Possible bug in nmethod reloc verification/scanning in G1

Thu Nov 21 18:31:26 UTC 2013

CC to compiler because it is about compiled nmethods and their state 
change. So it is interesting for us.

Note, usually such methods are inlinied (accessor methods) and big 
methods have stack bang code at the beginning. Here is criteria used to 
generate stack bang:

bool Compile::need_stack_bang(int frame_size_in_bytes) const {
   // Determine if we need to generate a stack overflow check.
   // Do it if the method is not a stub function and
   // has java calls or has frame size > vm_page_size/8.
   return (UseStackBanging && stub_function() == NULL &&
           (has_java_calls() || frame_size_in_bytes > 
os::vm_page_size()>>3));
}

In your case stack bang is not generated that is why you have embedded 
oop at the beginning of the code.
We can mark such nmethods so it will be easier to see such nmethod when 
we need unregister them.

And thank you for catching both problems.

Thanks,
Vladimir

On 11/21/13 5:54 AM, Thomas Schatzl wrote:
> Hi,
>
> On Thu, 2013-11-21 at 14:42 +0100, Christos Kotselidis wrote:
>> On 11/21/13 2:34 PM, "Thomas Schatzl" <thomas.schatzl at oracle.com> wrote:
>>
>>> Hi,
>>>
>>> On Thu, 2013-11-21 at 12:40 +0100, Christos Kotselidis wrote:
>>>> Hi,
>>>>
>>>> I came across the following scenario, I already discussed with Thomas
>>>>   Schatzl, that I would like to share with you.
>>>> There is a method:
>>>>
>>>> private static final HotSpotGraalRuntime instance = new
>>>> HotSpotGraalRuntime();
>>>>
>>>> public static HotSpotGraalRuntime runtime() {
>>>>          return instance;
>>>> }
>>>
>>>> The instance field is a constant oop in the code and the method is
>>>> installed.
>>>> At some stage there is a GC with post verification
>>>> (including G1VerifyHeapRegionCodeRoots) that passes.
>>>> Before the next GC cycle and during the mutation cycle, another method
>>>> is being installed which causes the eviction of our method.
>>>> Consequently our method is being made not_entrant and it is being
>>>> patched with a jmp instruction at its verified entry point
>>>> (nmethod.cpp::make_not_entrant_or_zombie).
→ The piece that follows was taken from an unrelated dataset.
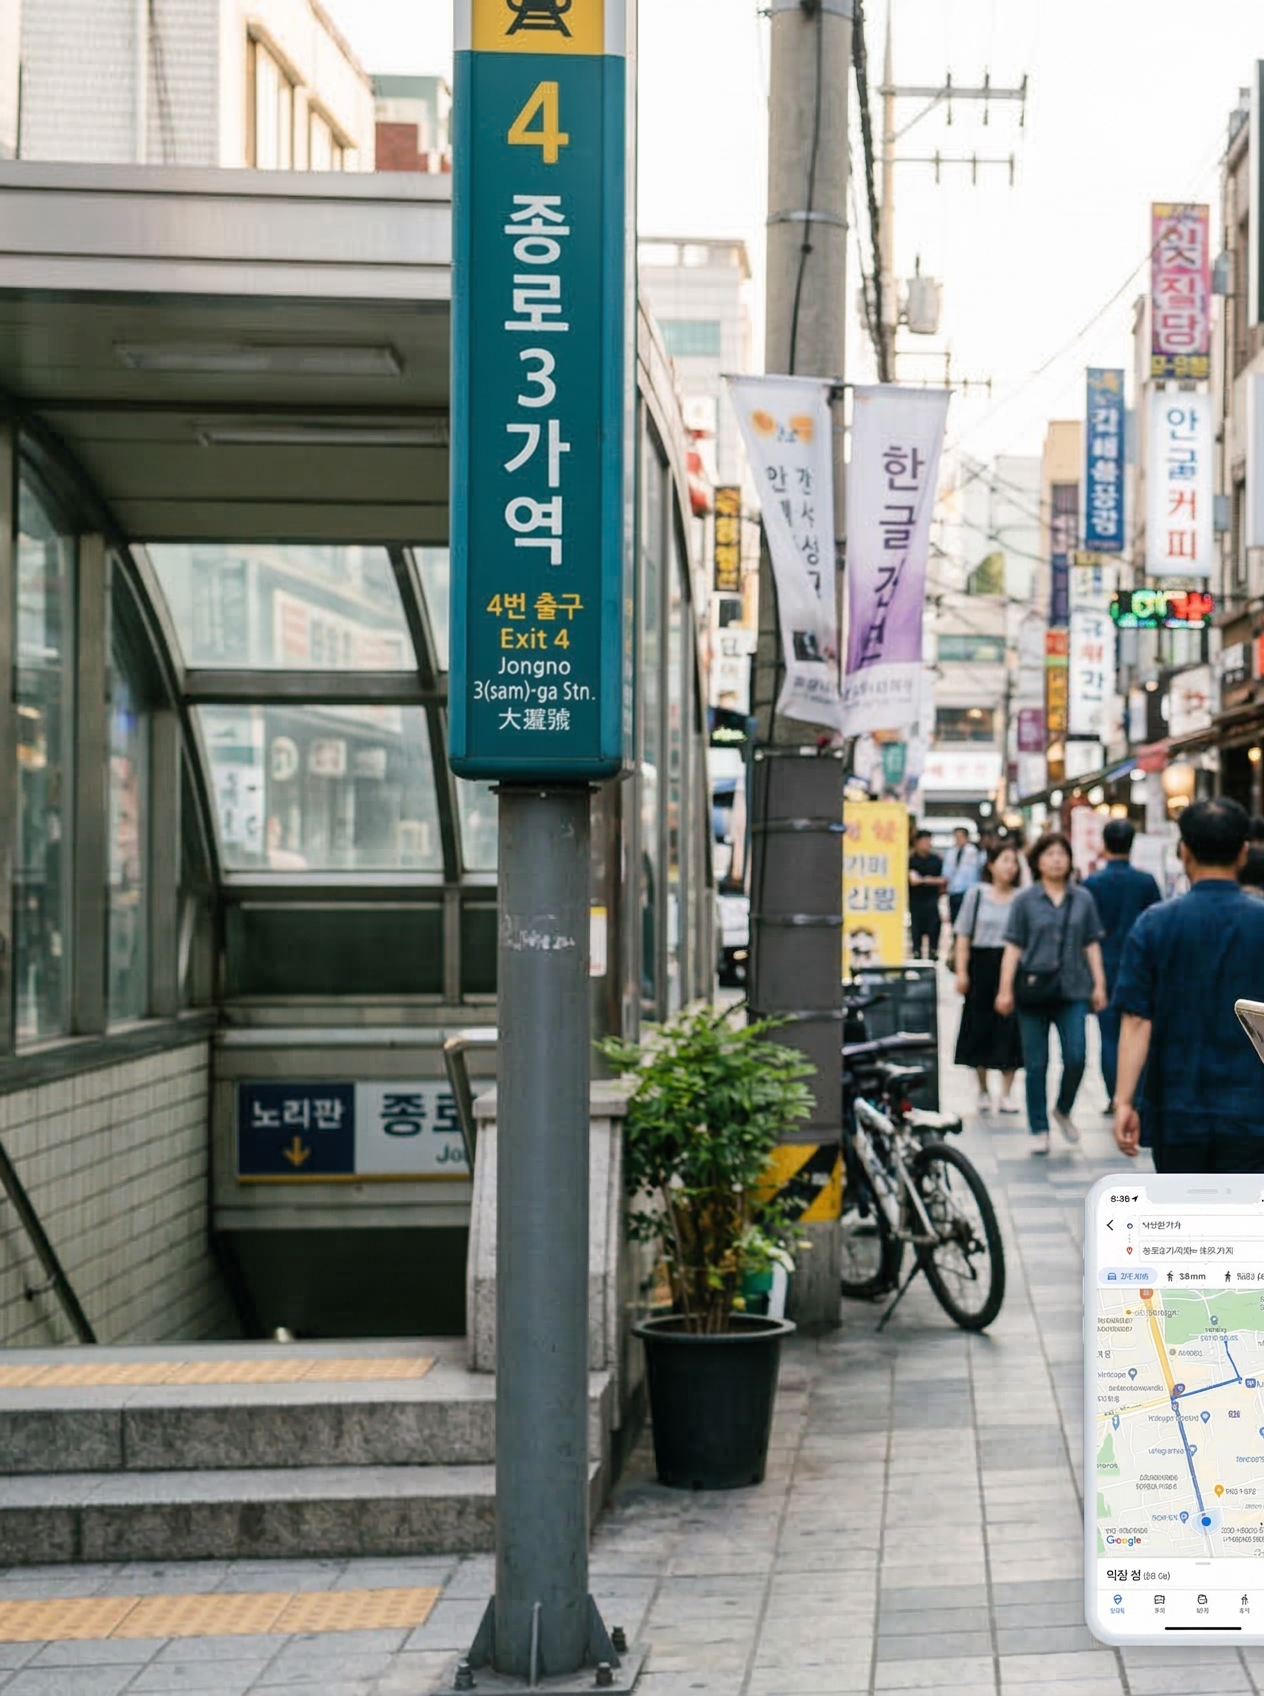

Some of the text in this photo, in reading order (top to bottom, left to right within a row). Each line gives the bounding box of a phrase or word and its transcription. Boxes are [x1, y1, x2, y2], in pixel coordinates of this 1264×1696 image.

The patching causes the oop
>>>> to be overwritten by the jmp instruction. Furthermore, that oop was
>>>> the only oop that was responsible for attaching this method to its
>>>> correspondent HeapRegion.
>>>>
>>>> The next GC cycle (Pre-verification) comes and the HeapRegionCodeRoot
>>>> verification starts (nmethod.cpp::oops_do). There is a logic there
>>>> (which I also believe it may be buggy as I will explain later) that
>>>> checks whether the method is not_entrant. If the method is not_entrant
>>>> then the logic correctly assumes that the method has been already been
>>>> patched and therefore starts scanning the relocs of the method in +5
>>>> bytes (for x86)/+4 bytes (for SPARC) (as the comment states). This
>>>> results in not scanning the single oop that was attaching this
>>>> specific method to its heap region. The verification then correctly
>>>> asserts by saying that "there is a method attached to this specific
>>>> heap region with no oops pointing into it".
>>>
>>> Thanks for finding this - I already filed a bug for that
>>> (https://bugs.openjdk.java.net/browse/JDK-8028736). Please check if it
>>> matches your investigation.
>>>>
>>>> Concerning the second bug in the method::oops_do logic, here is the
>>>> code for manipulating the reloc starting address after a method has
>>>> been patched:
>>>
>>>> // If the method is not entrant or zombie then a JMP is plastered over
>>>> // the
>>>> // first few bytes.  If an oop in the old code was there, that oop
>>>> // should not get GC'd.  Skip the first few bytes of oops on
>>>> // not-entrant methods.
>>>>    address low_boundary = verified_entry_point();
>>>>    if (is_not_entrant()) {
>>>>      low_boundary += NativeJump::instruction_size;
>>>>      // %%% Note:  On SPARC we patch only a 4-byte trap, not a full
>>>> NativeJump.
>>>>      // (See comment above.)
>>>>    }
>>>>
>>>> The code above accounts only for the "is not entrant" scenario and not
>>>> with the "is zombie" scenario.
>>>
>>> nmethod::do_oops will not be called for zombie methods in the default
>>> case, so it does not matter. I.e. the default overload of
>>> oops_do(Closure* cl, bool zombie) is oops_do(cl, false);
>>
>> When unregistering a method we call the oops_do allowing zombie methods
>> (G1CollectedHeap::unregister_nmethod). That was causing a problem in my
>> case and after adding "|| is_zombie()", it got fixed.
>
> I think you are right, we will need to fix that too as the oop map is
> not changed after overwriting the oop in the first few bytes.
>
> Thomas
>
>